経済産業省はこの調査結果を踏まえ、IT人材確保のための解決策を発表するなどしており、あらゆる企業でも人材確保のために動き出しています。

人手不足の解消法

多彩な人材の活躍支援

女性やシニアの人材を活用する方針も各企業で検討されています。
経済産業省の調査(IT 人材の活用・確保に関する調査)によると、女性やシニアの人材を活用することによって人材不足が緩和されるという狙い通りの結果が得られたほか、女性人材については『職場が活性化する』、シニア人材は『ノウハウの継承が可能になる』という結果が出ています。

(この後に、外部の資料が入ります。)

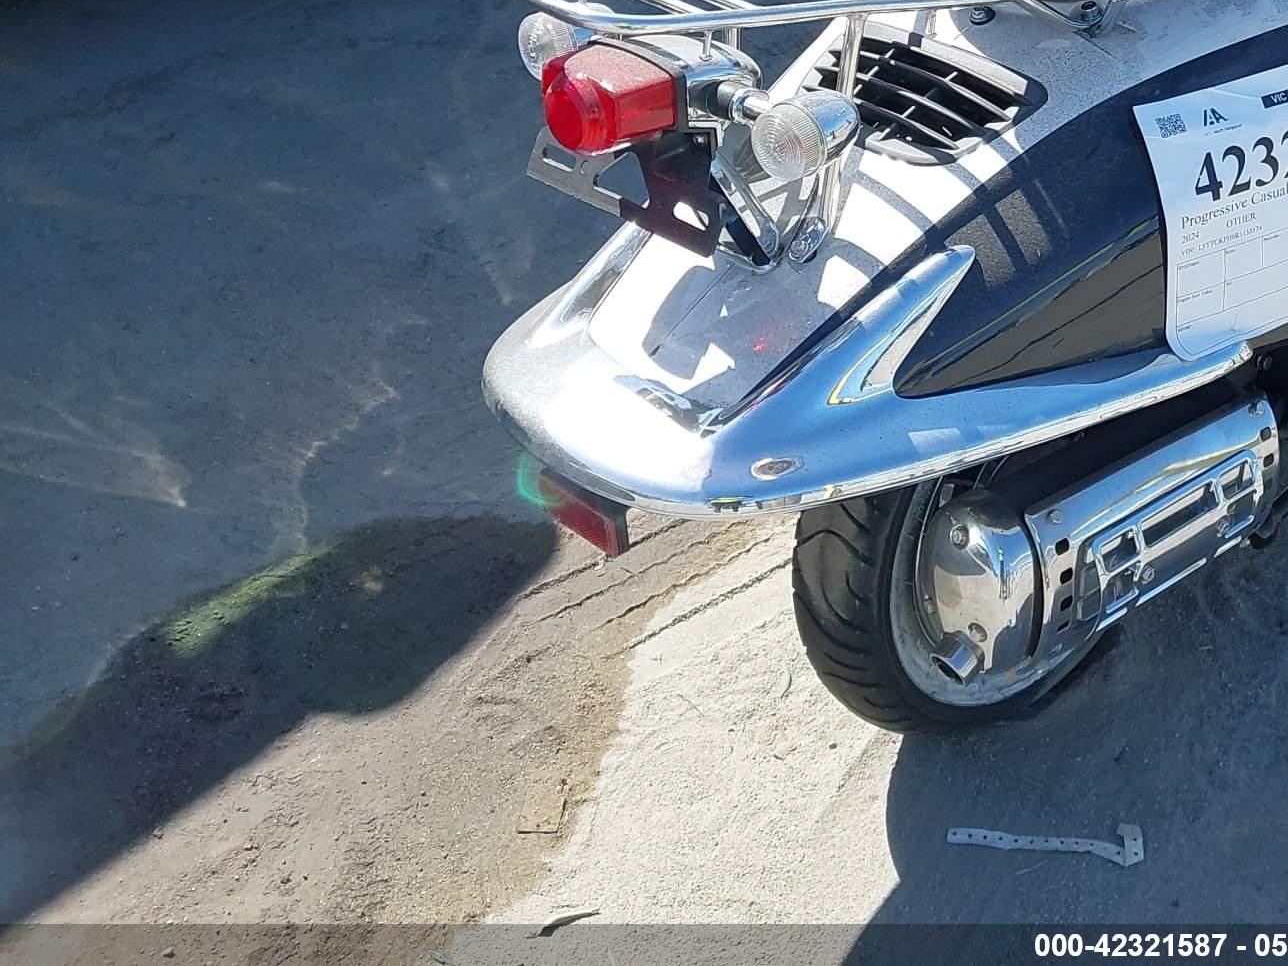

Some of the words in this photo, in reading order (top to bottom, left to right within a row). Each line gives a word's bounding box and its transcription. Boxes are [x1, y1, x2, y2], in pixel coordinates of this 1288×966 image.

つまりシニア人材は長年の経験で培ったノウハウを用いて人材育成をすることもでき、女性人材は職場環境の改善にも繋がるということがわかりました。
しかし、それと同時にシニア人材は「新しい業務知識や技術への対応力が低い」、「人件費が高い」ということも挙げられ、女性人材についても「離職率が高い」ということや、「マネジメントが難しい」ということなどの課題も挙げられています。

これらの課題を克服しながらも人材確保に努めていくことは、これから当分の間はどの企業でも大きな課題になりそうです。

IT教育

小学校や中学校、高校などの授業で「情報技術」について、深い内容の教育を施すようにし、世間一般の関心を増やす機会をつくることが大事であると考えられます。
また、試験やセミナーなどIT教育の場を増やすことで、現存しているIT技術者のスキルをアップさせることも重要視されています。
そうすることで一人ひとりの作業効率を上げ、更に社内で新しい人材の教育に力を入れることができるとし、積極的に取り組んでいる企業が多くなっています。

IT業界のイメージ向上

始めに挙げたIT技術者に対するマイナスイメージを払拭するために、ITをより魅力的な業界にすることも重要であると言えます。
例えば3Kを例に挙げるとすれば、「きつい」という要因は、社員を増やして作業を分散させることで一人ひとりの負担を軽減させ、解決できます。

「給料が少ない」要因については、その原因は様々ですが技術者本人のスキルによって給料が上がることも多いです。特にフリーランスエンジニアの場合はスキルや経験によって報酬が変わることがほとんどなので、資格を取得したり経験を積むことで収入を上げることは可能であると言えます。
「帰れない」という要因については、人材教育が進めば作業スピードも上がるので結果的に残業量を減らし、解決することができます。

 

このようにIT業界の現状は決して待遇的にも、イメージ的にも良いというものではありません。しかし、これからのIT教育や職場環境、待遇の向上などでこれからのIT業界の改善は期待できるのです。また、人手不足に関しても近年ではインドや中国などからも優秀な人材を取り入れる会社もあります。